In a key step toward starting natural gas exports to Egypt, Israel’s Delek Drilling and the U.S. firm Noble Energy said Thursday they were acquiring, together with Egyptian East Gas Company, a 39% stake in the Egyptian company that owns a pipeline running between Israel and Egypt.
The two — partners in Israel’s Tamar and Leviathan gas fields — said they were paying $518 million for the stake in Eastern Mediterranean Gas and expect to complete the deal and related transactions by early next year.
EMG’s pipeline, which connects the Israeli national pipeline network from Ashkelon to the Egyptian pipeline network near El-Arish, has not been functional for several years following a series of terror attacks on it when it carried gas from Egypt to Israel.
“This is a historic transaction, that renders Egypt a regional energy center and positions it in line with significant global energy centers,” said Delek Drilling CEO Yossi Abu.
Shares of Delek Drilling, the Delek Group unit involved in the deal, rose 3.1% to 10.79 shekels ($2.99) on the Tel Aviv Stock Exchange. Nobel shares were up 1% at $31.41 midday local time in New York.
Buying an interest in the pipeline will enable the Tamar and Leviathan partners to deliver their gas to Egypt as they agreed under an agreement reached in February to supply 64 billion cubic meters of gas for $15 billion over 10 years.
The gas will initially come from Tamar, which is in production, and later from the much bigger Leviathan field, now in development. The buyer for the gas is Dolphinus, an Egyptian company that supplies gas to industrial and institutional users.
But with the delivery infrastructure in place, the EMG pipeline could be used to deliver gas to other customers in Egypt, including to currently idle plants for liquefying natural gas for export.

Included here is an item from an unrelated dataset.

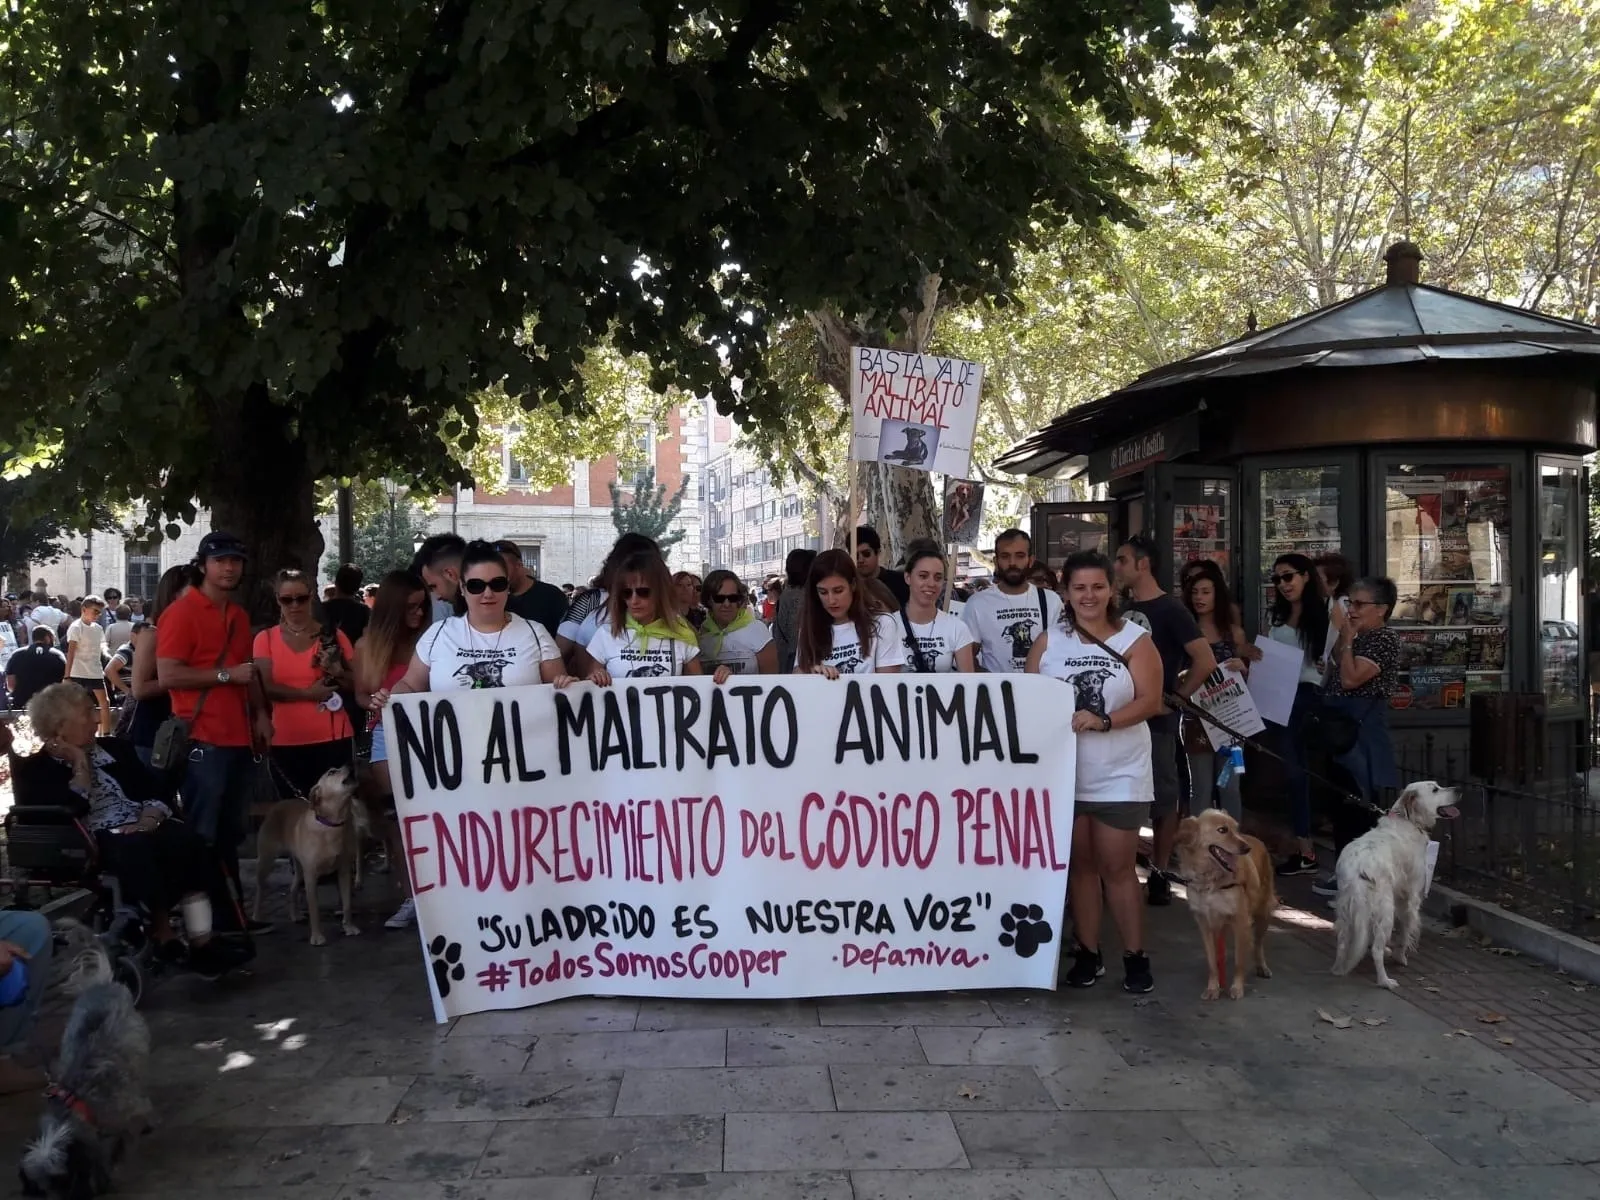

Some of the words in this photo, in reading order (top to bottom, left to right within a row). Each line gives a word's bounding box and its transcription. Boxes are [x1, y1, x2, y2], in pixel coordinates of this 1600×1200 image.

“Today’s announcements mark significant steps forward in supplying natural gas from the world-class Tamar and Leviathan fields to regional customers through existing infrastructure,” said J. Keith Elliott, Noble’s senior vice president for offshore operations.
“They also represent another major milestone toward Egypt’s goal to become a regional energy hub, providing access to both growing domestic markets and existing LNG export facilities.”

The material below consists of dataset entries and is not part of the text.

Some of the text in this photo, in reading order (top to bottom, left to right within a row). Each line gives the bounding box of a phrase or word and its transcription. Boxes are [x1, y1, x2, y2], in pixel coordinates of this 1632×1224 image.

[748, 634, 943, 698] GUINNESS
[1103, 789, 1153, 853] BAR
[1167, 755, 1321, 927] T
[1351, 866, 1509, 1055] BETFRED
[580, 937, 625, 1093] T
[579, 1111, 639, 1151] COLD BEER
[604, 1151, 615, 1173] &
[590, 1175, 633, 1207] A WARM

The deal marks a major breakthrough for Delek and Noble and their partners, who have been searching for a major export market for their gas. They already sell gas to Jordan but that market is small and other big ones, like Turkey and Europe, remain for now distant prospects due to political or logical obstacles.

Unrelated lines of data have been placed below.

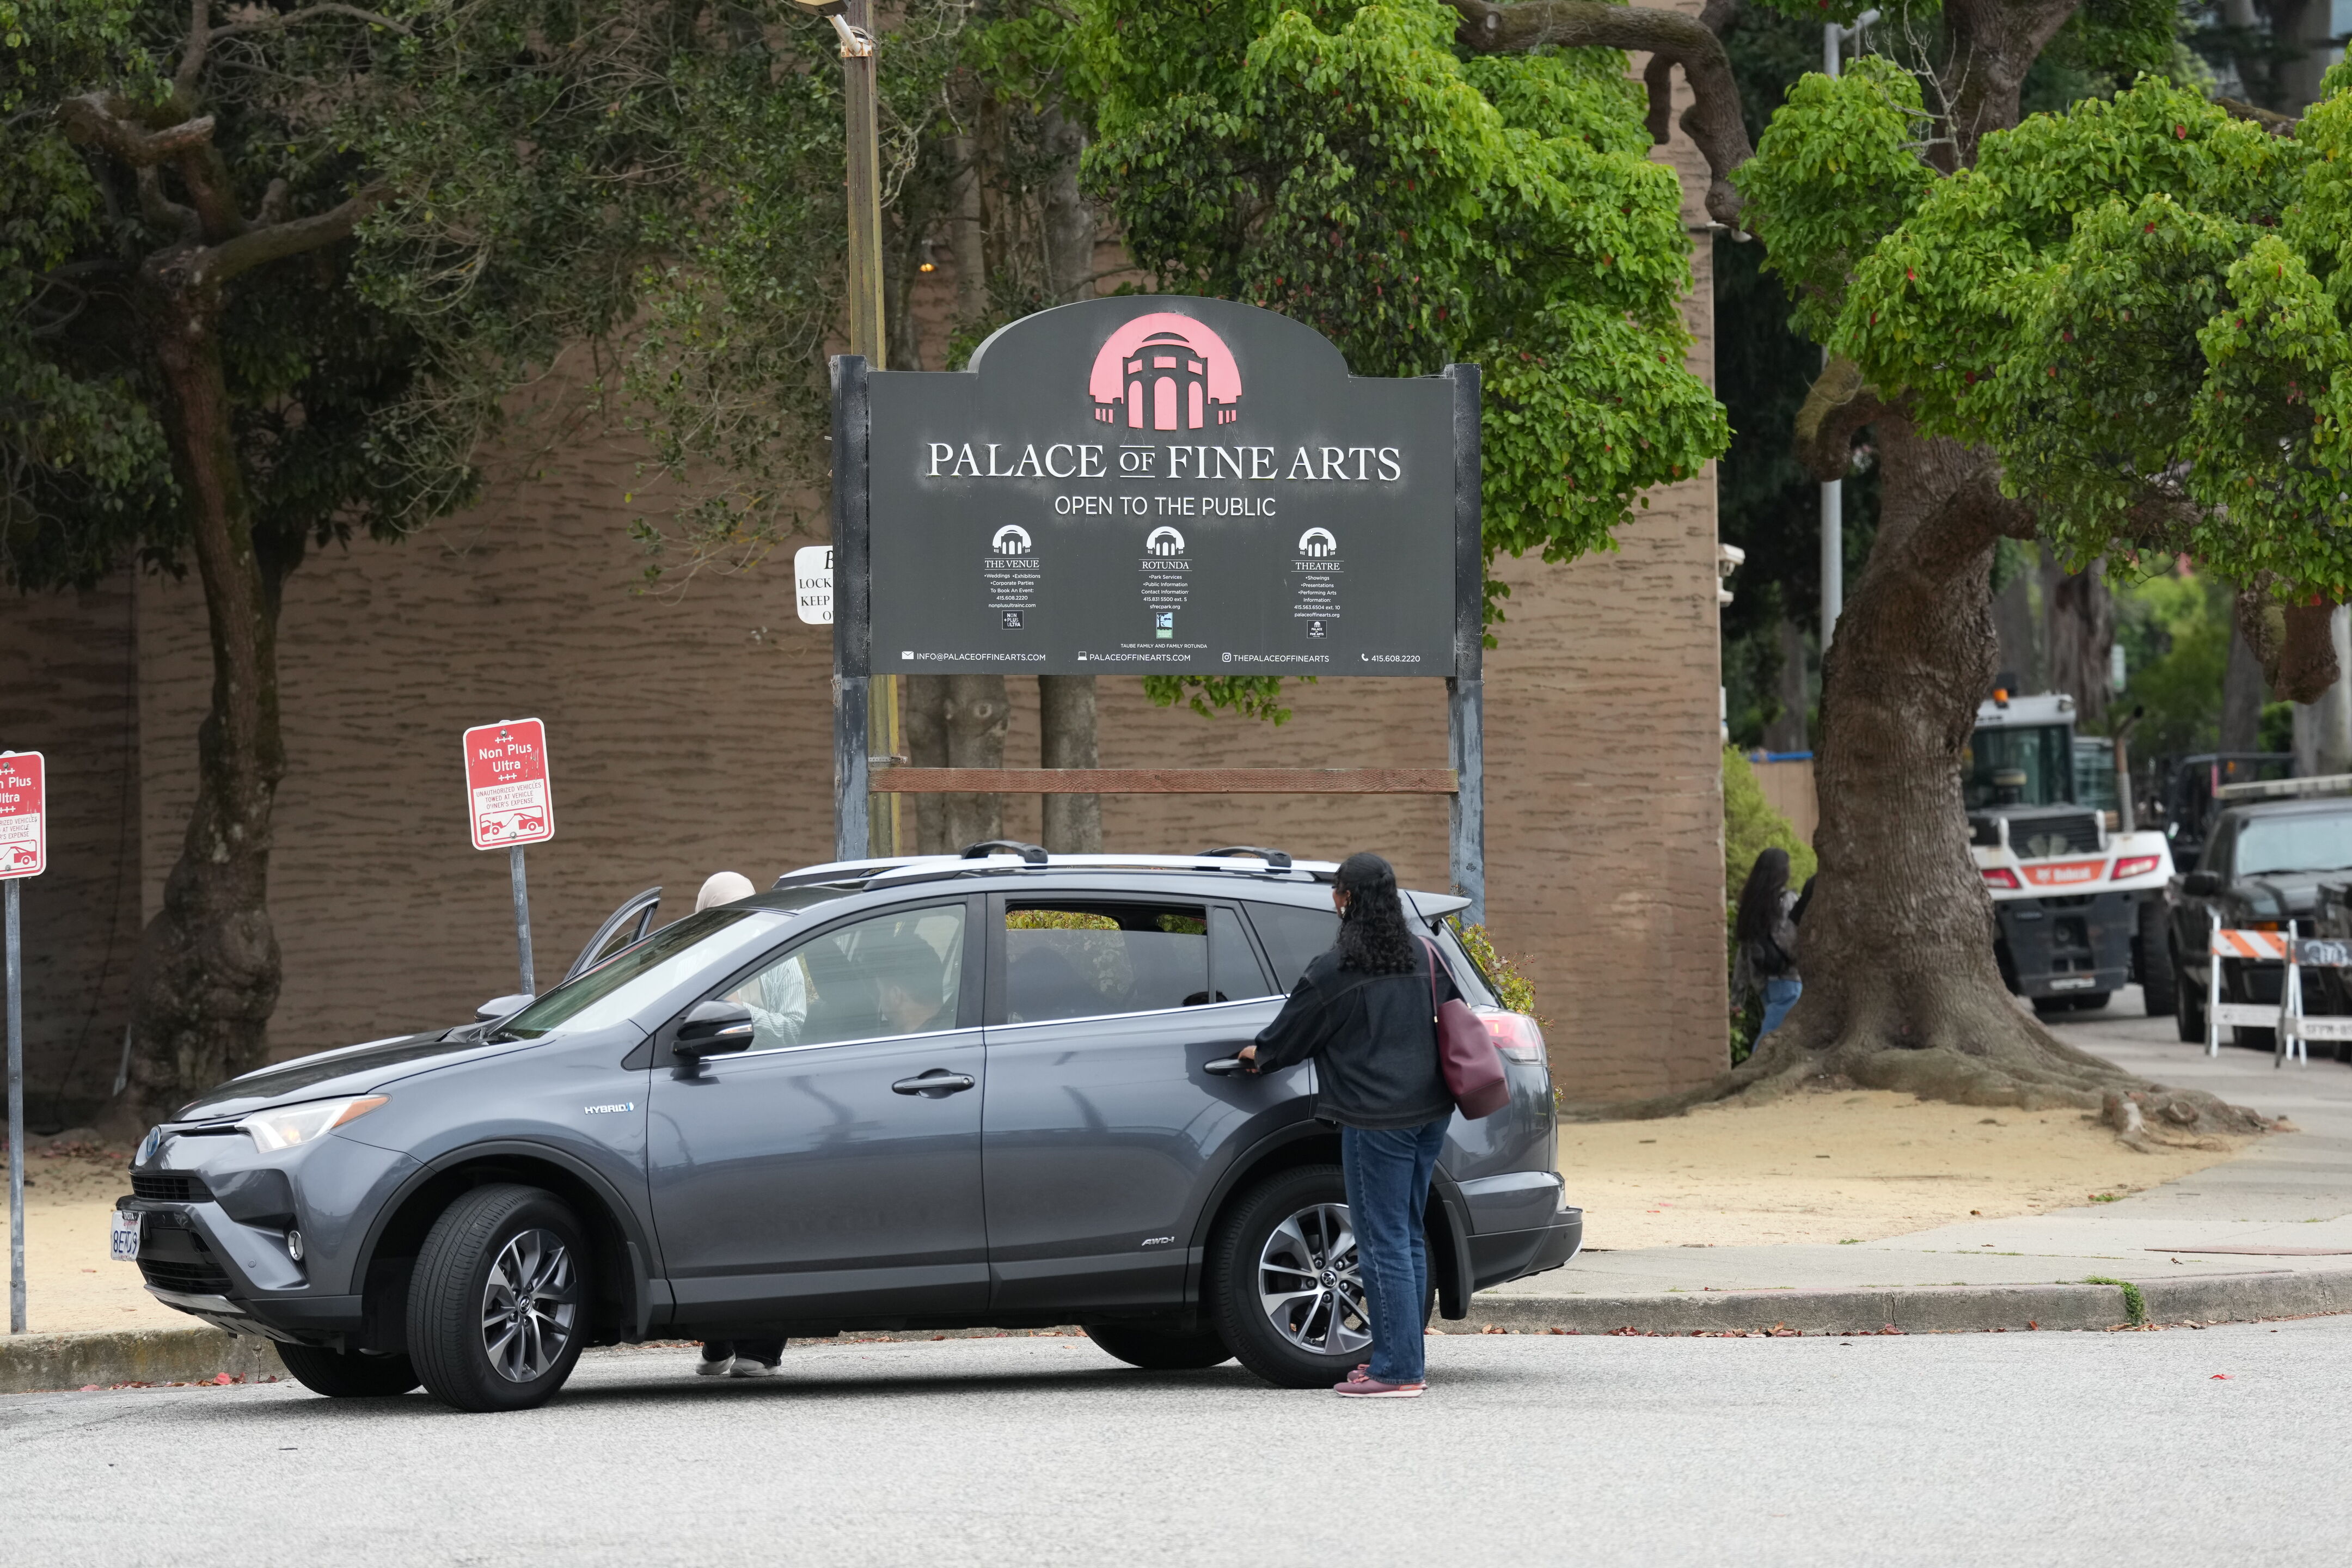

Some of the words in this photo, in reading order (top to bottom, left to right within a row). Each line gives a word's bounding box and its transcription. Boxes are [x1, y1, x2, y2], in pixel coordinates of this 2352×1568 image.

[927, 443, 1107, 478] PALACE
[1120, 451, 1155, 471] OF
[1166, 446, 1278, 480] FINE
[1286, 447, 1401, 481] ARTS
[1055, 496, 1112, 515] OPEN
[1120, 497, 1148, 515] TO
[1155, 497, 1195, 516] THE
[1202, 498, 1276, 517] PUBLIC
[1142, 561, 1190, 569] ROTUNDA
[1295, 562, 1340, 571] THEATRE
[799, 578, 832, 589] LOCK
[801, 596, 830, 606] KEEP
[479, 748, 503, 760] Non
[507, 743, 532, 756] Plus
[493, 760, 520, 773] Ultra
[9, 776, 32, 788] Plus
[476, 786, 515, 797] UNAUTHORIZED
[517, 782, 542, 791] VEHICLES
[0, 792, 20, 804] ltra
[15, 816, 38, 825] VEHICLES
[8, 831, 29, 839] EXPENSE
[585, 1104, 627, 1114] HYBRID
[1142, 1236, 1174, 1246] AWD-i

It also marks a historic reversal. The EMG pipeline, which runs 90 kilometers mostly offshore Sinai, was originally built to export Egyptian gas to Israel. A series of terror attacks on the pipe halted deliveries and finally in 2012, the Egyptian government, then controlled by the Muslim Brotherhood, canceled the contract.
The cancellation was the subject of legal disputes that finally ended in February with an arbitrator awarding EMG $1.03 billion in damages plus interest. Thursday’s agreement also calls for EMG to drop the claims, Delek said.
When production at Leviathan begins, which is anticipated in late 2019, Noble says it expects to sell at least 350 million cubic feet of natural gas per day, in gross terms, to customers in Egypt.
Another beneficiary from the deal will be the bondholders of the Israeli company Ampal American, which was an EMG shareholder and went bankrupt when the pipeline was shut down. Ampal wound up defaulting on over 1 billion shekels in bondholder debt, though it belatedly repaid $70 million owed to banks. Ampal still owes its bondholders 210 million shekels on Series A bonds, 645 million on Series B and 250 million on Series C. The stake in EMG changing hands comprises an 8.6% holding owned by Ampal.
Other sellers include Yossi Maiman, who had controlled Ampal and personally held another 8.2% of EMG; American billionaire Sam Zell (12.8%); Israeli institutional investors (8.2%) and Egyptian businessman Hussein Salem. The remainder of EMG’s shares will continue to be held by Hussein Salem’s company (28%) the Thai company PTT (25%) and the Egyptian government (about 10%).
At its height EMG had been worth around $3 billion, but its value was damaged together with the pipeline by terrorist activity in Sinai.
Had Thursday’s deal not been reached, there were two alternatives to using the EMG pipeline. One was to use the Jordanian pipeline, called the Pan-Arabian pipeline; the other was to build a new pipeline. But using EMG’s will enable the companies to begin exporting gas sooner.